Definition

An immunotherapeutic combination agent composed of antigen receptor complex T cells (ARC-T cells) which contain a proprietary binding domain specific for a universal TAG instead of a single chain variable fragment (scFv) binding domain, and a tumor-targeting antigen protein, soluble protein antigen-receptor X-linker (sparX) protein, containing a TAG moiety fused to two B-cell maturation antigen (BCMA; tumor necrosis factor receptor superfamily member 17; TNFRSF17) binding domains, with potential antineoplastic activities. Upon administration of the anti-BCMA sparX protein plus BCMA-directed ARC T-cells CART-ddBCMA, the sparX protein, with its two BCMA binding domains, specifically targets and binds to two BCMA expressed on tumor cells.

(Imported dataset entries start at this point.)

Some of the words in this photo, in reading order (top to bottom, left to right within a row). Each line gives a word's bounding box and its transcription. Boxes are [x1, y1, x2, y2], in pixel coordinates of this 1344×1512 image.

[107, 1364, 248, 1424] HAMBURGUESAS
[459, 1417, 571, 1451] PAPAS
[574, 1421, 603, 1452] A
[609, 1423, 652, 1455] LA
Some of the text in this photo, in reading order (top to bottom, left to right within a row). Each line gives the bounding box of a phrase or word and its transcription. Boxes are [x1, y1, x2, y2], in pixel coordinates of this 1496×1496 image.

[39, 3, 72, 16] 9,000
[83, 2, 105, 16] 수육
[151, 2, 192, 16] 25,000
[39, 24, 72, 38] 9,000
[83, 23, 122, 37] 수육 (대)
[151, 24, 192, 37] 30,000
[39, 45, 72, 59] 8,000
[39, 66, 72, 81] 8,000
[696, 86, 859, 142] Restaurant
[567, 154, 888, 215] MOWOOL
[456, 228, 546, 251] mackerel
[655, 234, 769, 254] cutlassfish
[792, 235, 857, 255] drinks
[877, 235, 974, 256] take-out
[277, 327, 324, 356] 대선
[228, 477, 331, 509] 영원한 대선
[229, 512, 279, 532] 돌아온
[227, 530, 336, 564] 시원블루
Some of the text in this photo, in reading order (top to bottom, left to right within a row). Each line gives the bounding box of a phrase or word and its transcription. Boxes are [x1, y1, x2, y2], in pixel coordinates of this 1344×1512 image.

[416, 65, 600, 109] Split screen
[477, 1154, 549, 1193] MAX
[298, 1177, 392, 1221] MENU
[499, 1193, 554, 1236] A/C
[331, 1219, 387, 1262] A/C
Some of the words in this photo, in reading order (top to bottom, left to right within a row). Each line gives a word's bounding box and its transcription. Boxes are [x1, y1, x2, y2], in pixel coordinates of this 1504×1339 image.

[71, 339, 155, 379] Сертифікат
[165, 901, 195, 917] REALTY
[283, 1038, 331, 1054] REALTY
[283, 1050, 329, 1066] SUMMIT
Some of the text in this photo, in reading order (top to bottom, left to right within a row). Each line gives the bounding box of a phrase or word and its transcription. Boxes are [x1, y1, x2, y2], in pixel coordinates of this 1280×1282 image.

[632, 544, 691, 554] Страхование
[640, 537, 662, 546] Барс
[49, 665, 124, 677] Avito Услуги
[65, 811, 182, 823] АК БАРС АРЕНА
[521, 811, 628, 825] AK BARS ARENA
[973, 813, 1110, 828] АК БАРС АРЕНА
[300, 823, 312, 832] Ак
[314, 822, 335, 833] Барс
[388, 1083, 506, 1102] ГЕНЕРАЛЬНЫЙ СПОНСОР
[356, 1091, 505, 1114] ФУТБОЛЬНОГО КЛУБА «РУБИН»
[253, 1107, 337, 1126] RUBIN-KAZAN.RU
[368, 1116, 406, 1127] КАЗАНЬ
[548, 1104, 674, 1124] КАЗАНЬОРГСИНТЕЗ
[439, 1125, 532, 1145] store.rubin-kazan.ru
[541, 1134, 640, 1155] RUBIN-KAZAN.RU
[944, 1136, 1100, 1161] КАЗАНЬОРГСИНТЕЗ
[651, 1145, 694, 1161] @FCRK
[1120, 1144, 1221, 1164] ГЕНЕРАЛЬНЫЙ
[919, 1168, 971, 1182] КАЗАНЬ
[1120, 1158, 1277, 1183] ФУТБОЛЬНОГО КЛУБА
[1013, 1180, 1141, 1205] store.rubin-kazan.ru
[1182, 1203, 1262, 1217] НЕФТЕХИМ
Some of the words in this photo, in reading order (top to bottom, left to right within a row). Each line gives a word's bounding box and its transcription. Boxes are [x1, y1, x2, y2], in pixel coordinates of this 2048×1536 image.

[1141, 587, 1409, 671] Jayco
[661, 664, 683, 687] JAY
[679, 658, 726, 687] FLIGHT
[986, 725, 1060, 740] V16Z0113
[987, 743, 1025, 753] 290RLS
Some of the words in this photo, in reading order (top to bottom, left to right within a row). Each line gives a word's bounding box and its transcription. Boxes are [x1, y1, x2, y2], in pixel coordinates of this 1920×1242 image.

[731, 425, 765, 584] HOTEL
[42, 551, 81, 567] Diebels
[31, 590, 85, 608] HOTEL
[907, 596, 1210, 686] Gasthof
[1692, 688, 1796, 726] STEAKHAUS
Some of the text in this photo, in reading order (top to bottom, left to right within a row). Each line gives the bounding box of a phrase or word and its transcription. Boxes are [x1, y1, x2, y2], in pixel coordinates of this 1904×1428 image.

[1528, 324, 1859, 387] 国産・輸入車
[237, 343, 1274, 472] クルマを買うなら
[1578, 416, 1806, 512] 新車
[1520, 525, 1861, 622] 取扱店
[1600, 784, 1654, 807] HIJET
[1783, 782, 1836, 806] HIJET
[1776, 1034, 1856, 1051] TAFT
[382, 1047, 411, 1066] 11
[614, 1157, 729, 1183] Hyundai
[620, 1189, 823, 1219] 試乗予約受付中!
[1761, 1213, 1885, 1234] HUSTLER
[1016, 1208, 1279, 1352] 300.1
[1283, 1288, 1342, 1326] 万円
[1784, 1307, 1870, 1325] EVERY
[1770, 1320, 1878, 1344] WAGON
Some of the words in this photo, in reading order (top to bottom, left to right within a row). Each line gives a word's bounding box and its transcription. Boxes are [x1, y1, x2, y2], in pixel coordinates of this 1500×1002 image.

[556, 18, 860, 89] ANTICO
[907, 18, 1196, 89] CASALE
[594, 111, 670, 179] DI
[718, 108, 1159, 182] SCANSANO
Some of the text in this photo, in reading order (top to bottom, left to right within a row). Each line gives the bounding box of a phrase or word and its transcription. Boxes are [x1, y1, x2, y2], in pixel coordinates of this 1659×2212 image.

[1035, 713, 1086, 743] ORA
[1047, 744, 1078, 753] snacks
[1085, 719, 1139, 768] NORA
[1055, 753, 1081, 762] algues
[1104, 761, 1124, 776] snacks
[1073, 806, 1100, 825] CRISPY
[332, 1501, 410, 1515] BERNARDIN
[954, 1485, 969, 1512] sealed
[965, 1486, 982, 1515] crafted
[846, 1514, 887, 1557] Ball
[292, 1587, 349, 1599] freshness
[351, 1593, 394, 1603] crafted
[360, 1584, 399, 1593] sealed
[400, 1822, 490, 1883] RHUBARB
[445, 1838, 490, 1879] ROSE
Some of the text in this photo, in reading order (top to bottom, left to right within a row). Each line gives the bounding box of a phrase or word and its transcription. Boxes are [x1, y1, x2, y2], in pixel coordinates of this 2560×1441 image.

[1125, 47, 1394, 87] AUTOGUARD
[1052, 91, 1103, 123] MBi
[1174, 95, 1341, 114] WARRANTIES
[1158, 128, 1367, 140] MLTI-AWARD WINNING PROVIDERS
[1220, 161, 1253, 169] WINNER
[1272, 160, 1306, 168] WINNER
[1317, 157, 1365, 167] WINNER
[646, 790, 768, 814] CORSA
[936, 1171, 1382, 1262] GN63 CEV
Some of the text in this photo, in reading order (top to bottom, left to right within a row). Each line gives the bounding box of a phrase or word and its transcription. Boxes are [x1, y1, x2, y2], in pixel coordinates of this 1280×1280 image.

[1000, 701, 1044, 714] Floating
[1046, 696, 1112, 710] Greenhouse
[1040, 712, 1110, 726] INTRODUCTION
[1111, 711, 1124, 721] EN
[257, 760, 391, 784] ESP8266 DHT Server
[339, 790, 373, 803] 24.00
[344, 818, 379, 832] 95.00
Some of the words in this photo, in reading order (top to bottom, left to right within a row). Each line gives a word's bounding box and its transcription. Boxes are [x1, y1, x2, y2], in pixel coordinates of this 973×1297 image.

In turn, the ARC-T cells, with their anti-TAG domain, target and bind to the TAG domain on the sparX protein. This directly links the ARC-T cells to the BCMA-expressing tumor cells, through the ARC-T cell- sparX -tumor cell complex formation, thereby causing direct tumor cell killing. BCMA, a tumor-associated antigen (TAA), is found on the surfaces of plasma cells and is overexpressed on a variety of tumor cell types. Compared to anti-BCMA CAR-T cells, CART-ddBCMA, containing ARC-T cells that are re-programmed in vivo by the TAG sparX protein, shows enhanced efficiency and an improved safety profile. As ARC-T activity is dependent on the sparX dose administered, the rate of tumor cell killing, and related toxicities are also dependent on the sparX dose administered.